Les autorités de la République ont fixé les dates des élections présidentielle et législative sensées mettre un terme à une période de transition de triste mémoire et des plus chaotiques que le Mali n’ait jamais connue. Pour mettre les petits plats dans les grands, c’est précisément ce moment qu’a choisi le gouvernement pour retirer des caisses de l’Etat la somme de plus d’un milliard et demi de FCFA à repartir entre 41 partis politiques dans le cadre de l’aide publique à eux accordée annuellement, conformément à la loi.
Depuis cette annonce, la scène politique et même celle dite de la société civile, sont entrées en ébullition. Partout et à chaque jour son lot de manifestations de la plus respectable à la plus folklorique. Tout est fait pour se mettre en évidence, marquer, signifier ou rappeler simplement sa présence ou son existence. Toutes les occasions sont bonnes pour paraitre ou attirer seulement l’attention même si on est conscient de ne pas représenter grand-chose. Ce n’est pas bien grave ! L’objectif est ailleurs. Cette situation se trouve être favorisée et encouragée par la Loi fondamentale qu’est la Constitution du 25 février 1992 qui consacre le multipartisme intégral, la liberté d’association et d’opinion pour tous les citoyens. La charte des partis politiques complète la liste des instruments juridico-légaux qui encouragent ce qu’on pourrait appeler la « prostitution et le vagabondage politiques ». Combien sont-ils effectivement de partis politiques à mériter de la subvention de l’Etat. Pour la plupart, ils n’ont de partis politiques que de nom et sur papier. C’est pourquoi, aujourd’hui on dénombre plus de 150 partis politiques pour un pays d’environ 15 millions d’habitants. Que c’est ridicule !
Curieusement, les difficultés que connait le pays en ce moment ont été mises en exergue pour opérer une coupe sèche sur le montant fixe de l’aide que la même loi accorde à la presse (une maigre somme de 200 millions par an ramenée cette année à environ 90 millions pour plus de 300 radios et journaux).
La loi ouvre la brèche, alors pourquoi s’en priver ?
On assiste donc à une course effrénée à la création de partis politiques, d’associations, d’ONG et autres collectifs au fil des événements et des circonstances. Personne ne veut rester derrière et demeurer ainsi dans l’ombre. Toutes les occasions sont à mettre à profit. Toutes les opportunités sont à saisir pour les besoins de la cause. Il faut tout faire pour se faire voir, se faire entendre afin d’être invité à la table du partage du gâteau.

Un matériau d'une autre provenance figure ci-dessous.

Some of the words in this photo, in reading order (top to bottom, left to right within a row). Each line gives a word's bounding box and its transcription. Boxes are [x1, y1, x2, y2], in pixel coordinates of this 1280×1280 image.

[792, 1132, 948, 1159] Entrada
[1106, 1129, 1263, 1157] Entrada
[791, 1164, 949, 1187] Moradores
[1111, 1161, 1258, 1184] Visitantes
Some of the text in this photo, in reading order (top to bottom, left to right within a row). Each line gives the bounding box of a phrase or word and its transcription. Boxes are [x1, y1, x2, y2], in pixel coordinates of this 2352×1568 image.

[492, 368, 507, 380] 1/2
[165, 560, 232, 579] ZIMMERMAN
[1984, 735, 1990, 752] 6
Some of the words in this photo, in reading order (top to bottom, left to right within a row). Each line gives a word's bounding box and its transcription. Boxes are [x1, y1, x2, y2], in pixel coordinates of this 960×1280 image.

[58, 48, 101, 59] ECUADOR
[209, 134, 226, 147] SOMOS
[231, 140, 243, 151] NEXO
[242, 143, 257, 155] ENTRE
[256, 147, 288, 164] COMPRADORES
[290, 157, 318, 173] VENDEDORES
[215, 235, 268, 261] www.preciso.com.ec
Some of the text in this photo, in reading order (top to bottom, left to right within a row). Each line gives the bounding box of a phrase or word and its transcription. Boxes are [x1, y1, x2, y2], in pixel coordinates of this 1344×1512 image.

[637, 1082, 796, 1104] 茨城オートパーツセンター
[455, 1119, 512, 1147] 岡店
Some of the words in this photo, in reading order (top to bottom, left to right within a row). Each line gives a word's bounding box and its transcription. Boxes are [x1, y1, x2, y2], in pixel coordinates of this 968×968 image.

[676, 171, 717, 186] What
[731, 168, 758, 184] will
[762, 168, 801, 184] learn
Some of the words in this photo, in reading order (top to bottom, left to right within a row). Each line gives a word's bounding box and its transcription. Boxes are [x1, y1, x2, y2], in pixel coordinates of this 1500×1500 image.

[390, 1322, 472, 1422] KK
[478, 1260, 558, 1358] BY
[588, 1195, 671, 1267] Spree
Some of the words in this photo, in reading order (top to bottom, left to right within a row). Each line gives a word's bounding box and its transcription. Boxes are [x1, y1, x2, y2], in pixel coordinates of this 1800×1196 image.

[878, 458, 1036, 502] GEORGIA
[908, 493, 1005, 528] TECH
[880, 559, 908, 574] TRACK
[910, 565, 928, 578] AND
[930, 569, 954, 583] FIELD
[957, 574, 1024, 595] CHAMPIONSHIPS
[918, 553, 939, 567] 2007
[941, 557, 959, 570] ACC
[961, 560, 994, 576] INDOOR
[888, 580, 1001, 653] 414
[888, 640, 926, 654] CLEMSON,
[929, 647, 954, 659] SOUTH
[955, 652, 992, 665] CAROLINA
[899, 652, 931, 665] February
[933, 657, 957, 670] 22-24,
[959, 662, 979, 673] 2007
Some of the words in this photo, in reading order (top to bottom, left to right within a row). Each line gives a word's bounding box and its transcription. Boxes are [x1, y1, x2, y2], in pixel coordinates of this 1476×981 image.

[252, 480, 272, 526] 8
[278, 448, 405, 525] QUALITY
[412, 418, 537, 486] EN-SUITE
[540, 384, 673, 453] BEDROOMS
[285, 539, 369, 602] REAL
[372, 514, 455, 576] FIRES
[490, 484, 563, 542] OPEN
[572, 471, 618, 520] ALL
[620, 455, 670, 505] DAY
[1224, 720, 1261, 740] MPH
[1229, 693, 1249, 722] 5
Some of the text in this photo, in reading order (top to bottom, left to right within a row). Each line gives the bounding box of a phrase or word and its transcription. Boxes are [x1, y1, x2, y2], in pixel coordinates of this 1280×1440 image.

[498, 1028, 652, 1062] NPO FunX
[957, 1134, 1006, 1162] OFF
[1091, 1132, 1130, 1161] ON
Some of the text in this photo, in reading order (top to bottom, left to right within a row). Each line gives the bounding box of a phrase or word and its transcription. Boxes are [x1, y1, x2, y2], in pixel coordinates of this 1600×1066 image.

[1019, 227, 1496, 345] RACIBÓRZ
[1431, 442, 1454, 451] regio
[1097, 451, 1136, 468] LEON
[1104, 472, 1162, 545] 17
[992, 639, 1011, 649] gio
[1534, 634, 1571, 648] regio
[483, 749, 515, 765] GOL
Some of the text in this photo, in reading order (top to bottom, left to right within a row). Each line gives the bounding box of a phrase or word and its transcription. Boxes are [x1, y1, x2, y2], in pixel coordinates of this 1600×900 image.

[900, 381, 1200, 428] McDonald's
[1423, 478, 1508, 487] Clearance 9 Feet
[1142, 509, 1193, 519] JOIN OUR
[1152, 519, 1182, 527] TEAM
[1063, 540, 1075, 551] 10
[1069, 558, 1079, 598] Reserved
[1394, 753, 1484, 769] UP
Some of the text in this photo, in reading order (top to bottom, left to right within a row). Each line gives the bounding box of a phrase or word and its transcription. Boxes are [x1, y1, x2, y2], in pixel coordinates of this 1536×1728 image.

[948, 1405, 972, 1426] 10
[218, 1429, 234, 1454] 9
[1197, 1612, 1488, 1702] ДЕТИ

Ils ont la langue fourchue ; le verbe facile ; des discours beaux et endiablés ; des mots et propos prononcés avec tant de conviction, d’engagement et de détermination que l’on est souvent tenté de leur donner le ciel et la terre, tellement ils savent se faire persuasifs et convaincants.
Ils, ce sont tous ces hommes et femmes qui s’autoproclament en mission de « salut public » au service exclusif de leur pays, de leurs compatriotes et généralement les plus démunis, c’est-à-dire l’écrasante majorité des populations qui constituent les peuples de nos Etats sous-développés ou du moins en voie de développement.
Ils, ce sont ces fonctionnaires et agents véreux de l’Etat, formés et payés avec l’argent du contribuable.
Ils, ce sont ces responsables malhonnêtes dans l’administration publique qui, par toutes sortes de stratagèmes, de subterfuges, de tripatouillages, de contournements, de détournements, de compromis et de compromissions, parviennent à se hisser au sommet de l’Etat, aux fonctions et postes les plus juteux avec rangs, honneurs, avantages et privilèges, dans le seul but de profiter au maximum de leur situation de dominance au détriment du peuple au nom duquel ils affirment réfléchir, agir et ou réagir.
Ils, ce sont aussi tous ces politiciens véreux, ces militaires insoumis, ces mouvements rebelles armés qui font irruption sur la scène nationale au nom de la misère du peuple et qui, une fois confortablement installés, se soucient d’abord et en premier lieu de se remplir les poches, de garnir les comptes en banques, de se bâtir un empire de fortune, se construire les plus belles villas, les Châteaux et les buildings, de se constituer un véritable parc automobiles, d’inscrire leurs enfants dans les meilleures universités du monde et enfin s’offrir à tous bouts de champ des copines et autres maîtresses auxquelles ils offrent des vacances à Philadelphie, Las-Palmas, Paris, New York, Chicago, Tokyo, etc., abusant ainsi de la confiance ( ?) dont ils se sont faits prévaloir au départ. Conséquences, ce sont des élections truquées, les Constitutions modifiées, des coups d’état et contre-coups-d’ état à répétition, etc. tout y passent.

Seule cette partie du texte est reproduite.